How efficient could be neurofeedback training

HSE University scientists have for the first time in the world investigated the impact of delayed reinforcement signals in neurofeedback (NFB) training. They have experimentally proven that reducing the delay in feedback (decreasing feedback latency) can significantly increase the efficacy of training. This opens up new potential for the use of NFB for cognitive enhancement, self-regulation, and the treatment of a broad range of neurological disorders from anxeity and depression to epilepsy. The study was published in the Journal of Neural Engineering.

Neurofeedback (NFB) is a neuromodulation technology that allows a person to adjust the parameters of his or her own brain activity. Typically NFB uses electroencephalography (EEG) data reflecting changes in the potential of the electric field on the surface of the human head. EEG parameters are presented to the subject as, for example, a visual stimulus (column height on the screen, screen brightness) together with the task to change these parameters in the desired direction. By focusing on the NFB signal, the subject tries to remember the relationship between the parameter and their mental state. This allows a person to ‘feel’ the activity of their brain and learn how to control it. Often times such learning occurs subconsciously, i.e. without the use of any specific strategy.

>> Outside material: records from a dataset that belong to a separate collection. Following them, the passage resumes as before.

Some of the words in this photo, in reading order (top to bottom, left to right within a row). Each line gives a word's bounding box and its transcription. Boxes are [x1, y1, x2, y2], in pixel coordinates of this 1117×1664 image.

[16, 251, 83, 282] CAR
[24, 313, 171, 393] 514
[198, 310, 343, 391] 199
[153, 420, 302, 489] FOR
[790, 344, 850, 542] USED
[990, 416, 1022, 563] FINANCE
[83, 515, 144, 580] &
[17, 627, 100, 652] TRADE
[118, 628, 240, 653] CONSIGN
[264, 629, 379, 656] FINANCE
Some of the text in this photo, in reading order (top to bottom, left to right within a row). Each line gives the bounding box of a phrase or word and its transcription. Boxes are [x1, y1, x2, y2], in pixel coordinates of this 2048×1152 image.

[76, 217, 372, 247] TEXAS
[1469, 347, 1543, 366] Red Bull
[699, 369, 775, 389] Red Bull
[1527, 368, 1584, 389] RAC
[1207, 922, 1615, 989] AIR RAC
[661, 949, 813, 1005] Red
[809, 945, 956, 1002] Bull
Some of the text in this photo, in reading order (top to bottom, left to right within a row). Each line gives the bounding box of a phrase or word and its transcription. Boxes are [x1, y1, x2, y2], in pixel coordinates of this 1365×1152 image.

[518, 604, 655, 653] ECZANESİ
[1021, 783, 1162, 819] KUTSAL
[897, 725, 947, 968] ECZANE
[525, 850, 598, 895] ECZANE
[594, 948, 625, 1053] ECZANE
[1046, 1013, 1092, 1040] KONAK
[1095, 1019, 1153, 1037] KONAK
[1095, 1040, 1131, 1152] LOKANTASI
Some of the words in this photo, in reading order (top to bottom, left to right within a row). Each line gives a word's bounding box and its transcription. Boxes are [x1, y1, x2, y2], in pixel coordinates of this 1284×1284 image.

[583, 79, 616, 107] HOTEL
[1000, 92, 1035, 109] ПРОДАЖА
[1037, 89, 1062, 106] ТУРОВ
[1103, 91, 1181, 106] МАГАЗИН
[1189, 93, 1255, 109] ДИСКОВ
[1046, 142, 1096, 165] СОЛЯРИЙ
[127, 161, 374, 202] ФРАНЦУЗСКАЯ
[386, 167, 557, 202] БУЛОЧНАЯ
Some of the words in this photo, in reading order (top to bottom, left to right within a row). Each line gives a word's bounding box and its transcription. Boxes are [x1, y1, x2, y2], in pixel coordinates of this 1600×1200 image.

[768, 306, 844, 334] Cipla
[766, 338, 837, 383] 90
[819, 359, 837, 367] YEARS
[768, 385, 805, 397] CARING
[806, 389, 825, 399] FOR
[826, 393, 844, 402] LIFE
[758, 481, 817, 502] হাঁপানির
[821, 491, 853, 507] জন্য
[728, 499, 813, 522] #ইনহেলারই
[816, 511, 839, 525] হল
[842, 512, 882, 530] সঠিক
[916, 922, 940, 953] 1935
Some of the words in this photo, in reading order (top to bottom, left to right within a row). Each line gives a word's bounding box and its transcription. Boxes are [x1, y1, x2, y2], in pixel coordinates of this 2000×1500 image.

Previous results from HSE University researchers have shown that in the majority of modern NFB systems the reinforcement signal lags behind the changes in neuronal activity, leading to ineffective learning and a wide dispersion of NFB therapy outcomes. In order to provide access to the realm of small delays, the scientists developed a new mathematical method of filtering the EEG signal, allowing rapid estimation of the parameters of the rhythmic activity of the brain.

‘This method gave us access to a previously unknown area of brain interaction with minimal latency in responses from the external system. It allows the brain to perceive an artificially created feedback loop as part of its own neural network. This is a qualitative leap that opens a new era in neurofeedback paradigm research,’ says Alexey Ossadtchi, Director of the Centre for Bioelectric Interfaces at HSE University.

This development allowed the scientists to conduct a ground-breaking study on the impact of feedback latency on the efficacy of neurofeedback training. Forty subjects were trained to increase the power of their own parietal alpha rhythm based on a feedback signal displayed on a computer screen.

Participants in the experiment were divided into four groups. Those in the first group received a feedback signal with the shortest achievable delay at the time of the test, 240 ms. HSE University scientists have now managed to achieve a feedback loop reinforcing instantaneous narrow-band rhythm power with a total delay of less than 110 ms. Feedback signals for the subjects in the second and third groups were artificially delayed by 250 and 500 ms respectively, and for the subjects in the fourth group the feedback was not at all associated with their brain activity.

It turned out that the subjects from the group with the minimum delay achieved a certain level of alpha rhythm power after fewer training sessions compared with subjects from the other groups. Moreover, the analysis of alpha rhythm power after training showed that only the subjects from the group with the minimum delay displayed a sustained increase in rhythm power. This result is particularly important, as achieving sustainable changes is the main goal of the NFB therapy.